Collected data:
_ _ _ _ _ _ _
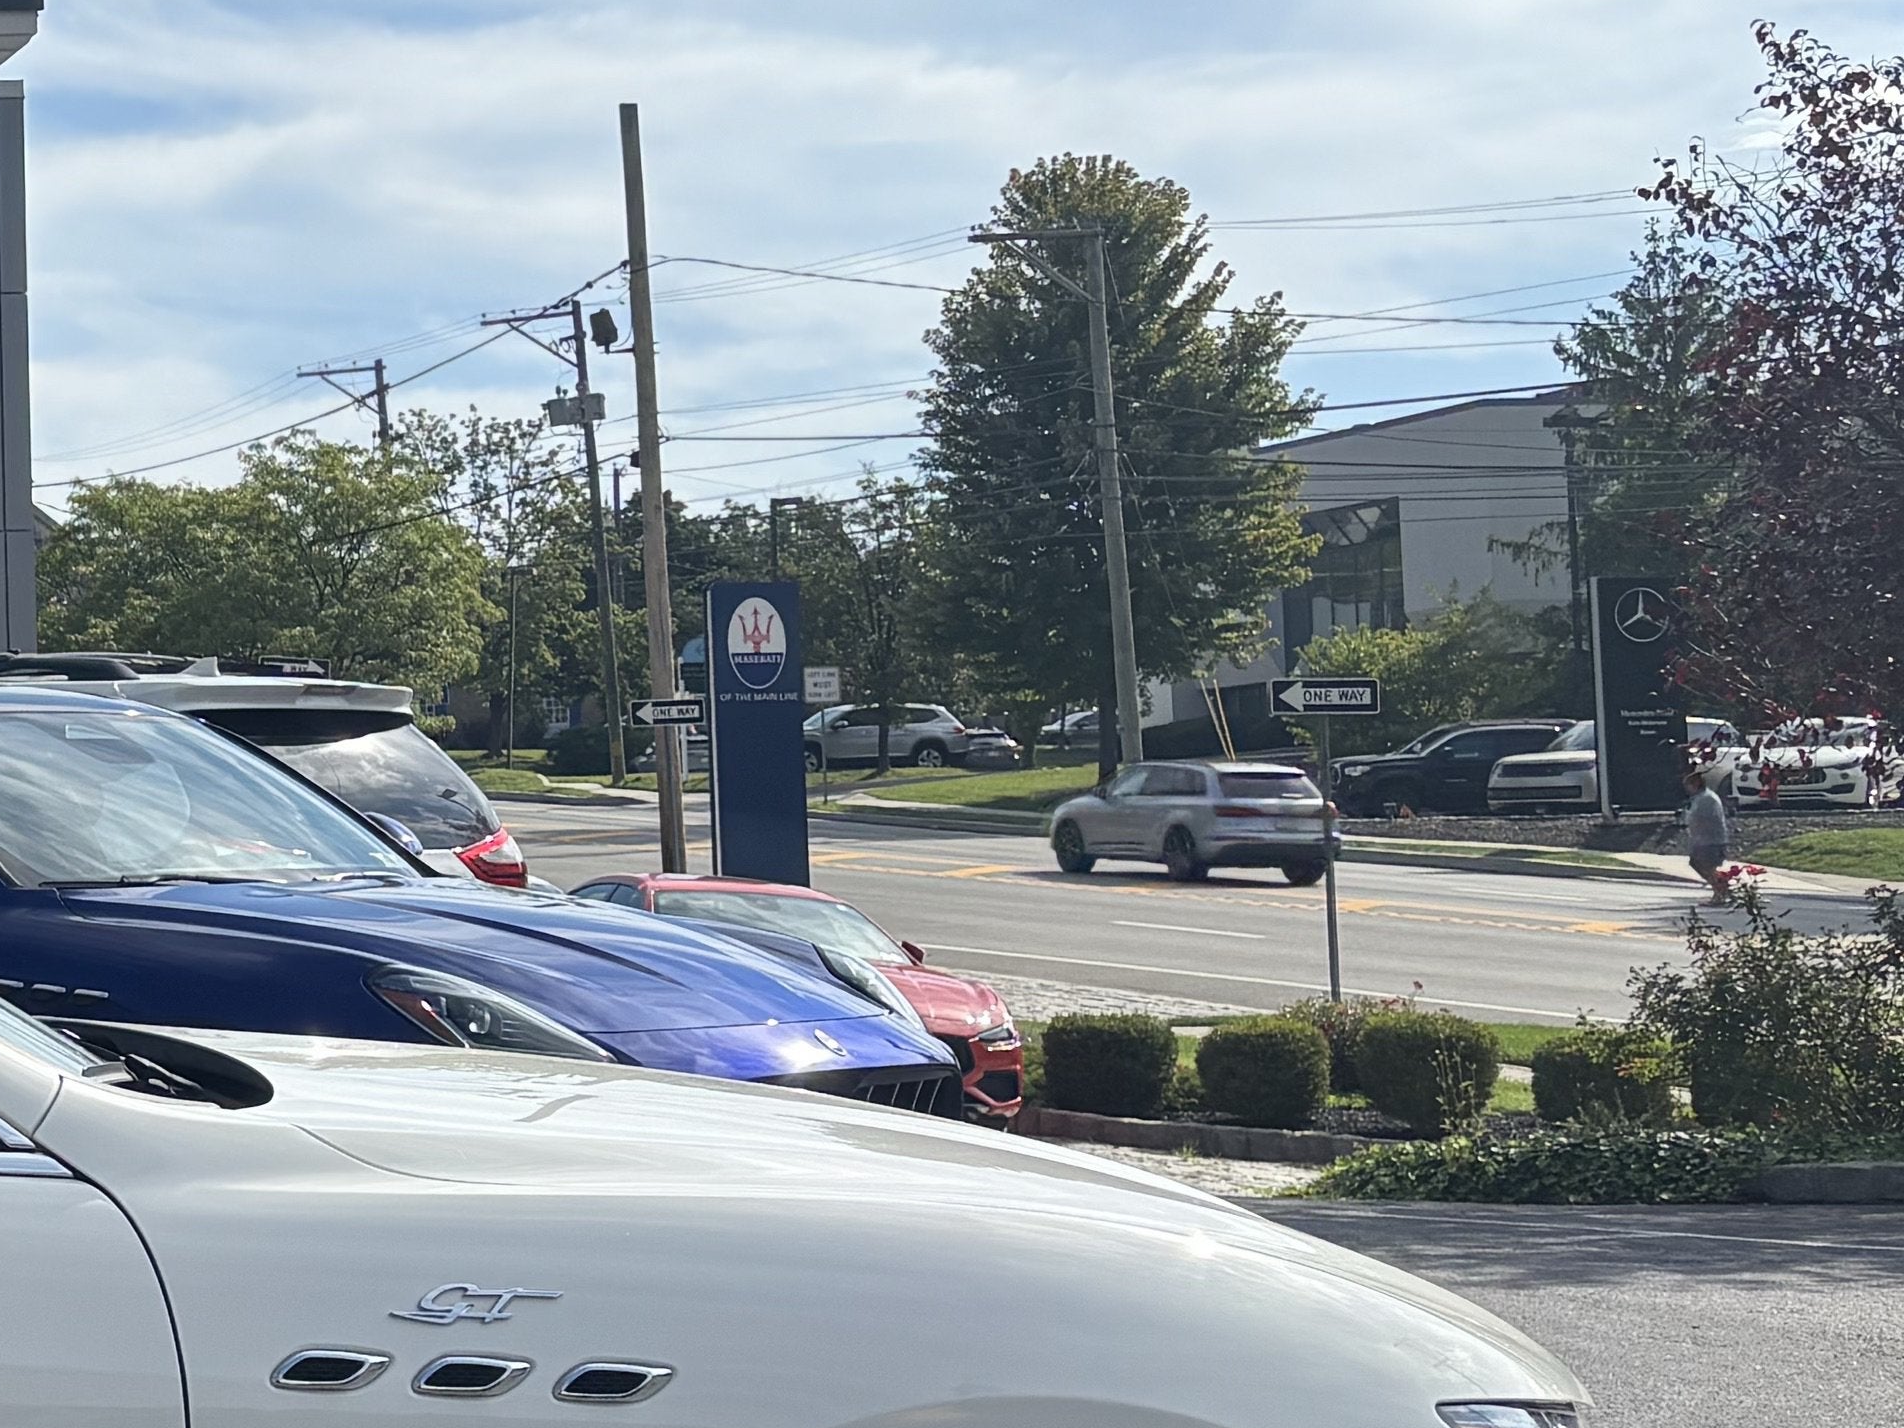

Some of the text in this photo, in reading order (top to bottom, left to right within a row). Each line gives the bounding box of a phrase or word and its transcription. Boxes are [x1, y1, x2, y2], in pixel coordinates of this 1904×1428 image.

[734, 655, 781, 663] MASERATI
[720, 692, 798, 701] OF THE MAIN LINE
[1304, 689, 1366, 702] ONE WAY
[652, 707, 696, 718] ONE WAY
[388, 1283, 565, 1325] GT
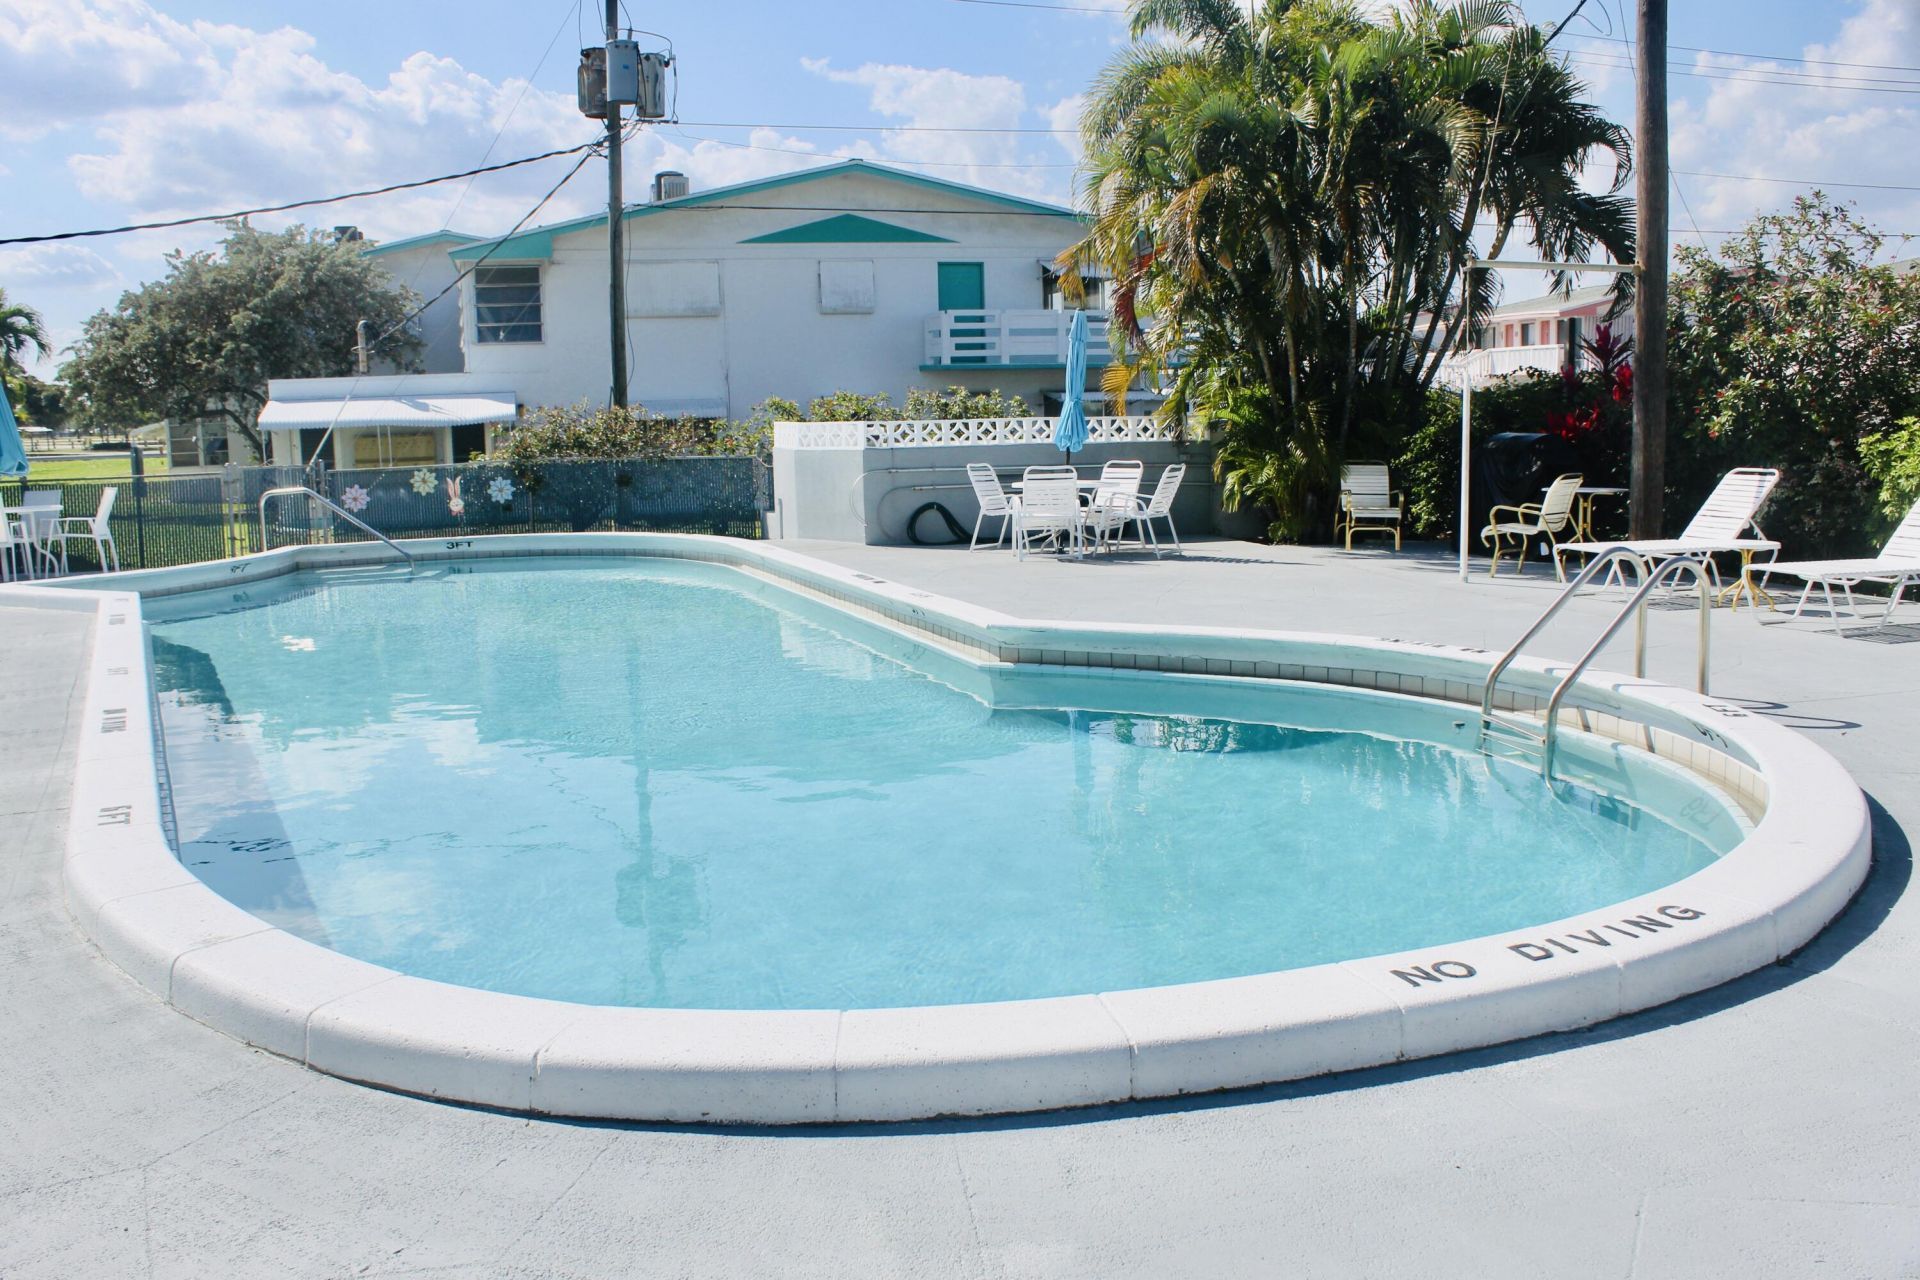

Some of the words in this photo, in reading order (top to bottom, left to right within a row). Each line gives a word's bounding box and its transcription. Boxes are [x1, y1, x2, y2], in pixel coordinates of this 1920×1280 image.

[446, 541, 474, 550] 3FT
[1389, 960, 1477, 987] NO
[1506, 905, 1707, 962] DIVING
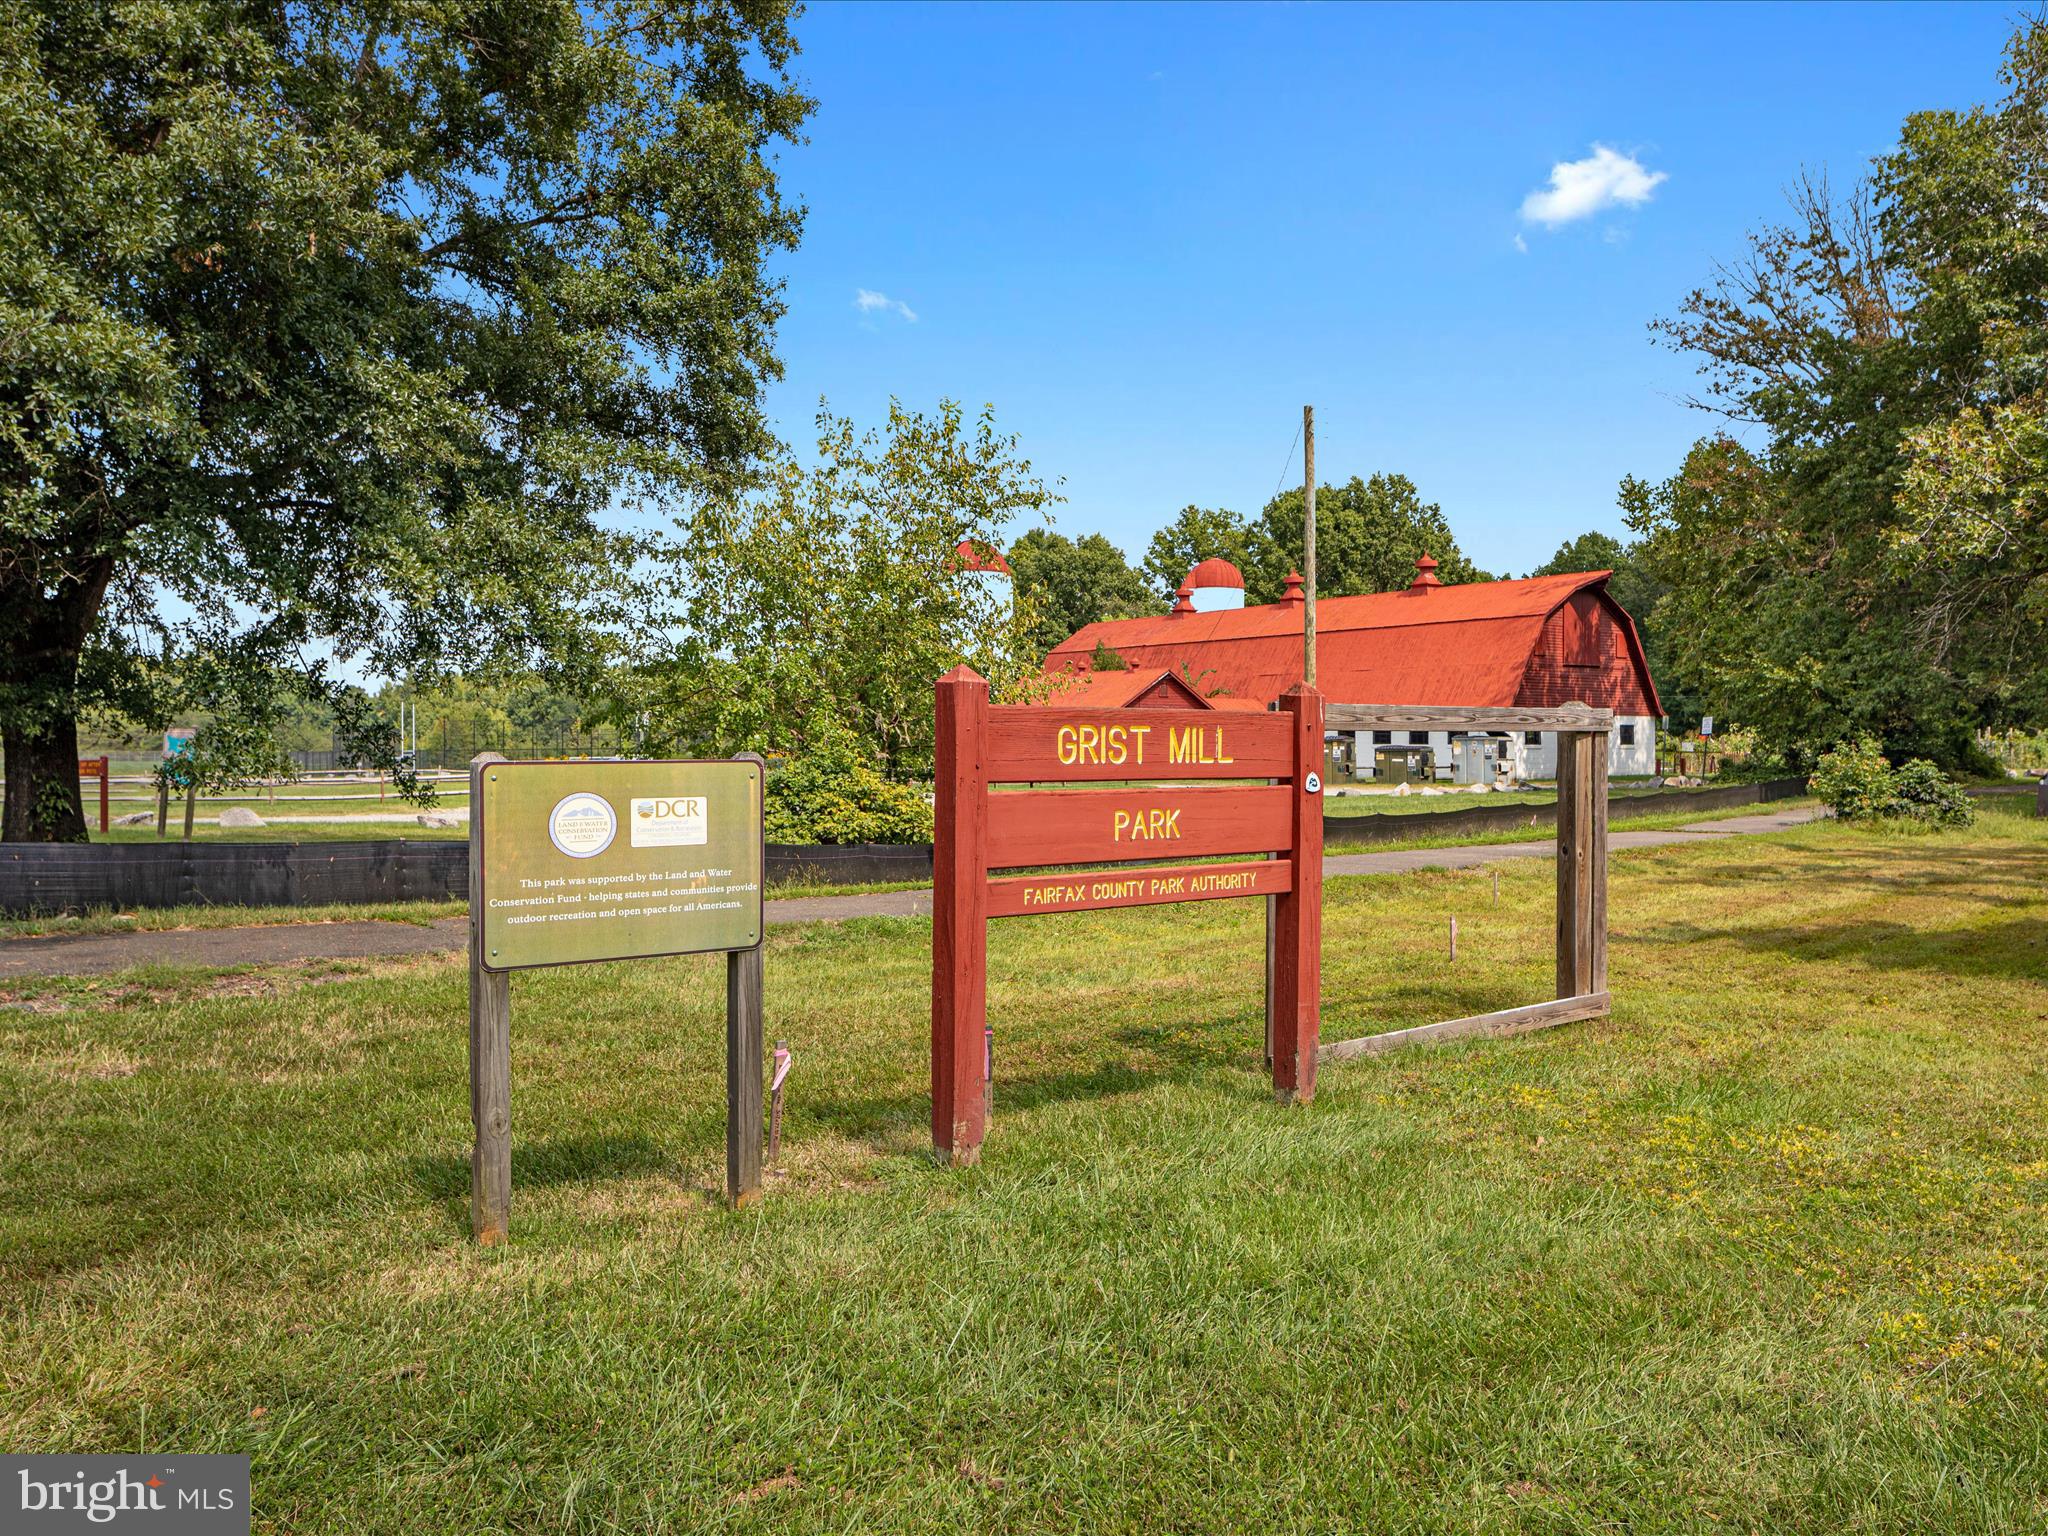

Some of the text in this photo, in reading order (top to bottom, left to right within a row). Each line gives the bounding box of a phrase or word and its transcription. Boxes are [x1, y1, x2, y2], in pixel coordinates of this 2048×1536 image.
_ _ _ _ _ _ _
_Aim of the task_
Each entry shown above must be quoted exactly, with its pictures left out.

_Your response_
Some of the text in this photo, in reading order (top to bottom, left to right within a row). Each line gives the bounding box of a phrase or word and its transcription. Boxes are [x1, y1, x2, y2], in pixel coordinates of this 1904×1428 image.

[734, 655, 781, 663] MASERATI
[720, 692, 798, 701] OF THE MAIN LINE
[1304, 689, 1366, 702] ONE WAY
[652, 707, 696, 718] ONE WAY
[388, 1283, 565, 1325] GT

Some of the words in this photo, in reading order (top to bottom, left to right within a row). Each line gives a word's bounding box and its transcription. Boxes are [x1, y1, x2, y2], in pixel coordinates of this 1920×1280 image.

[446, 541, 474, 550] 3FT
[1389, 960, 1477, 987] NO
[1506, 905, 1707, 962] DIVING

Some of the text in this photo, in reading order (top to bottom, left to right within a row). Each line gives the bounding box of a phrase or word and its transcription. Boxes are [x1, y1, x2, y2], in pixel coordinates of this 2048×1536 image.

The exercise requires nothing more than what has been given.